えっへんと胸を張って主張する十六夜に、俺は一応、同意する。

神である十六夜は、本来恒温動物のキツネだが、自在に己の体温を調節できる。

冬場は触れてもひやっとしないように、ちょっと体温を高めに。

反対に夏場は、抱き合っていてすら体温が篭もらないように、低めに。

もちろん、それなりに神力を使っている。漫然としているわけではない。

のだが。

「…………そうまでして、俺を膝に抱っこしたいのか、こなたは………」

俺はがっくり項垂れて、力なくつぶやく。

俺たちの暮らす六所神社は、きちんと祀神のいる神域だ。たとえその祀神がロクデナシの役立たずだとしても、神域は神域として守られている。

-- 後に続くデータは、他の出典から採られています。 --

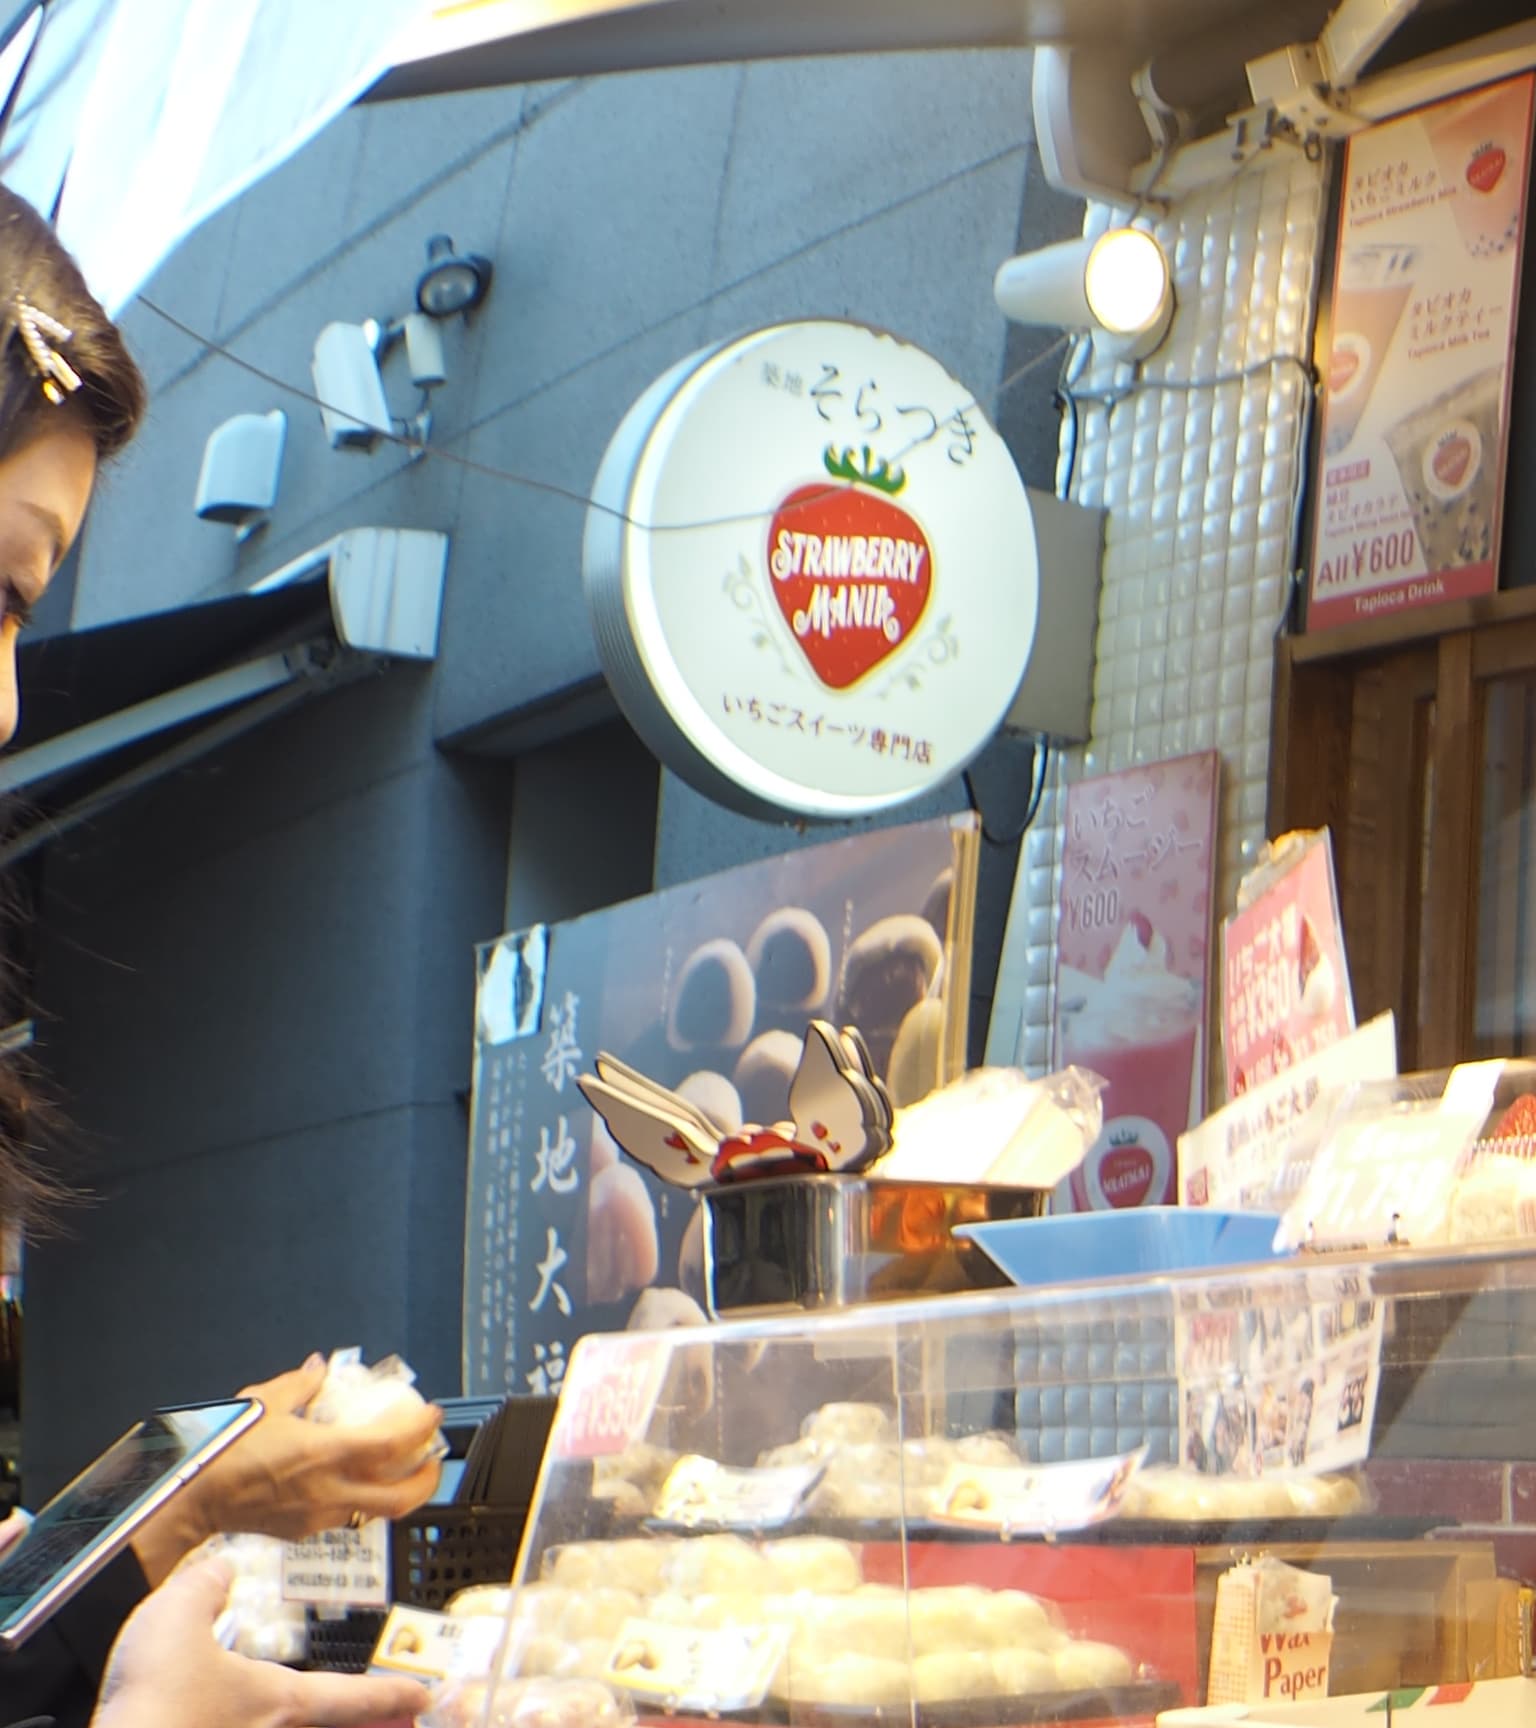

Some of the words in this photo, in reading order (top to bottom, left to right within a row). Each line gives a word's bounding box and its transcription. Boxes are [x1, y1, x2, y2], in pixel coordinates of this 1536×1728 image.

[809, 363, 977, 466] そらつき
[771, 529, 928, 584] STRAWBERRY
[793, 584, 900, 644] MANIA
[1355, 590, 1405, 614] Tapioca
[1407, 579, 1444, 600] Drink
[721, 692, 934, 765] いちごスイーツ専門店
[1072, 783, 1155, 842] いちご
[1069, 891, 1119, 933] ¥600
[1263, 1656, 1327, 1699] Paper

そのために俗界よりは暑さも緩和されて、どこかひんやりと清涼な空気が漂う。

とはいえ、あくまで比較の問題だ。

そうも高い御山にあるわけでもなし、ここだけで暮らしていればきちんと暑いし、汗も掻く。

古い社で、住んでいる『人間』は俺だけだ。

あとは神とその眷属。

暑さに鈍い連中ばかりなので、冷房機器は存在しない。古式ゆかしいうちわが、辛うじてあるのみ。

だから正直、体温を低く抑えた十六夜に抱きしめられているのは、心地よい。将来の嫁に抱かれていてこう言うのも問題だが、暑さにバテている身としては、思わず眠りこけそうになる。

しかし、膝抱っこだ。

いくら俺がまだ小さいとはいえ、将来の嫁に膝抱っこ。

いくら将来の嫁でも、膝抱っこ――いや、将来の嫁だからこそ、俺を膝抱っこするなと。

――俺のダンナとしての矜持はぼろぼろなわけだが、十六夜だ。

俺は今、暑くて汗でべたべただからあまり触れないようにしろと言ったら、自分の体温を落として来た。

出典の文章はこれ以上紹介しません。